• Task details:
Hand back all of the records exactly as they read.

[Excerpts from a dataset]
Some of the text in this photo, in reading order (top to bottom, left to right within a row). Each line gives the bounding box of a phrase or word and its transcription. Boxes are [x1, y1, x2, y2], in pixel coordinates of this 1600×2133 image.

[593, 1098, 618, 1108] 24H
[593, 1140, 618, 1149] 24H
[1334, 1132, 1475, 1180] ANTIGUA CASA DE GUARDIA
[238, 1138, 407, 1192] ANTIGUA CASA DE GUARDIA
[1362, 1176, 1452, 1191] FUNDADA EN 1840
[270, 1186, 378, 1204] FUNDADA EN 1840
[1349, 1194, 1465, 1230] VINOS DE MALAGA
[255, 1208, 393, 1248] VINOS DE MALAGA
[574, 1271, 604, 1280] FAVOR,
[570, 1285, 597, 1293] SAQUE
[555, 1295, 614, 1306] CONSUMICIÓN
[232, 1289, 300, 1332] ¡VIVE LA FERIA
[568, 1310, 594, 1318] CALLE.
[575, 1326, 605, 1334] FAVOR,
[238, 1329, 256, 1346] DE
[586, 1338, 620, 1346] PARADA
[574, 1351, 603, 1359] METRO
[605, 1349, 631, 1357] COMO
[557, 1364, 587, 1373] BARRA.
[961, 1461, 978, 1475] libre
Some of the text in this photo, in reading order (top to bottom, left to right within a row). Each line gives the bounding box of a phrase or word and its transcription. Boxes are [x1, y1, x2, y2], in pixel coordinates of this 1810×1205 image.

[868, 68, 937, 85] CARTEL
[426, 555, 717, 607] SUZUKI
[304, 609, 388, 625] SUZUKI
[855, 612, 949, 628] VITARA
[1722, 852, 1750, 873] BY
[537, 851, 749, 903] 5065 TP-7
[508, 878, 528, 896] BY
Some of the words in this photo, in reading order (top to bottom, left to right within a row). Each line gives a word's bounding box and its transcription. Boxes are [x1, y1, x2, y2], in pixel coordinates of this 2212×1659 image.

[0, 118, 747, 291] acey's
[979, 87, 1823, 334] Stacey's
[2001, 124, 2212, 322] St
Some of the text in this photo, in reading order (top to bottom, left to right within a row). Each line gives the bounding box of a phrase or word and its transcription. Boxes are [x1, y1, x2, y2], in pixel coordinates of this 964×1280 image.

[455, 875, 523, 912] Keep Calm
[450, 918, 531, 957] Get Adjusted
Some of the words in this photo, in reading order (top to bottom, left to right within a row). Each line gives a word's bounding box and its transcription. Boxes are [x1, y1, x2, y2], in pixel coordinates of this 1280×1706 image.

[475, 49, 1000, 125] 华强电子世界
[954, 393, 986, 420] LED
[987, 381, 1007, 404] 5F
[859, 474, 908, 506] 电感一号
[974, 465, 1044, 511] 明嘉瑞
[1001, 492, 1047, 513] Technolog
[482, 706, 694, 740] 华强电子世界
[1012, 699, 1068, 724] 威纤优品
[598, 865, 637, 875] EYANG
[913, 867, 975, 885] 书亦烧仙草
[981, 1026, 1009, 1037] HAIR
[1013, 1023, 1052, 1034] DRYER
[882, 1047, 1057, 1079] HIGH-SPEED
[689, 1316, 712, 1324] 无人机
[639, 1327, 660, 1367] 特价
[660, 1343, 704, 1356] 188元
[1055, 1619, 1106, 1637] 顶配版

• Solved problem:
Some of the text in this photo, in reading order (top to bottom, left to right within a row). Each line gives the bounding box of a phrase or word and its transcription. Boxes are [x1, y1, x2, y2], in pixel coordinates of this 1600×2133 image.

[593, 1098, 618, 1108] 24H
[593, 1140, 618, 1149] 24H
[1334, 1132, 1475, 1180] ANTIGUA CASA DE GUARDIA
[238, 1138, 407, 1192] ANTIGUA CASA DE GUARDIA
[1362, 1176, 1452, 1191] FUNDADA EN 1840
[270, 1186, 378, 1204] FUNDADA EN 1840
[1349, 1194, 1465, 1230] VINOS DE MALAGA
[255, 1208, 393, 1248] VINOS DE MALAGA
[574, 1271, 604, 1280] FAVOR,
[570, 1285, 597, 1293] SAQUE
[555, 1295, 614, 1306] CONSUMICIÓN
[232, 1289, 300, 1332] ¡VIVE LA FERIA
[568, 1310, 594, 1318] CALLE.
[575, 1326, 605, 1334] FAVOR,
[238, 1329, 256, 1346] DE
[586, 1338, 620, 1346] PARADA
[574, 1351, 603, 1359] METRO
[605, 1349, 631, 1357] COMO
[557, 1364, 587, 1373] BARRA.
[961, 1461, 978, 1475] libre
Some of the text in this photo, in reading order (top to bottom, left to right within a row). Each line gives the bounding box of a phrase or word and its transcription. Boxes are [x1, y1, x2, y2], in pixel coordinates of this 1810×1205 image.

[868, 68, 937, 85] CARTEL
[426, 555, 717, 607] SUZUKI
[304, 609, 388, 625] SUZUKI
[855, 612, 949, 628] VITARA
[1722, 852, 1750, 873] BY
[537, 851, 749, 903] 5065 TP-7
[508, 878, 528, 896] BY
Some of the words in this photo, in reading order (top to bottom, left to right within a row). Each line gives a word's bounding box and its transcription. Boxes are [x1, y1, x2, y2], in pixel coordinates of this 2212×1659 image.

[0, 118, 747, 291] acey's
[979, 87, 1823, 334] Stacey's
[2001, 124, 2212, 322] St
Some of the text in this photo, in reading order (top to bottom, left to right within a row). Each line gives the bounding box of a phrase or word and its transcription. Boxes are [x1, y1, x2, y2], in pixel coordinates of this 964×1280 image.

[455, 875, 523, 912] Keep Calm
[450, 918, 531, 957] Get Adjusted
Some of the words in this photo, in reading order (top to bottom, left to right within a row). Each line gives a word's bounding box and its transcription. Boxes are [x1, y1, x2, y2], in pixel coordinates of this 1280×1706 image.

[475, 49, 1000, 125] 华强电子世界
[954, 393, 986, 420] LED
[987, 381, 1007, 404] 5F
[859, 474, 908, 506] 电感一号
[974, 465, 1044, 511] 明嘉瑞
[1001, 492, 1047, 513] Technolog
[482, 706, 694, 740] 华强电子世界
[1012, 699, 1068, 724] 威纤优品
[598, 865, 637, 875] EYANG
[913, 867, 975, 885] 书亦烧仙草
[981, 1026, 1009, 1037] HAIR
[1013, 1023, 1052, 1034] DRYER
[882, 1047, 1057, 1079] HIGH-SPEED
[689, 1316, 712, 1324] 无人机
[639, 1327, 660, 1367] 特价
[660, 1343, 704, 1356] 188元
[1055, 1619, 1106, 1637] 顶配版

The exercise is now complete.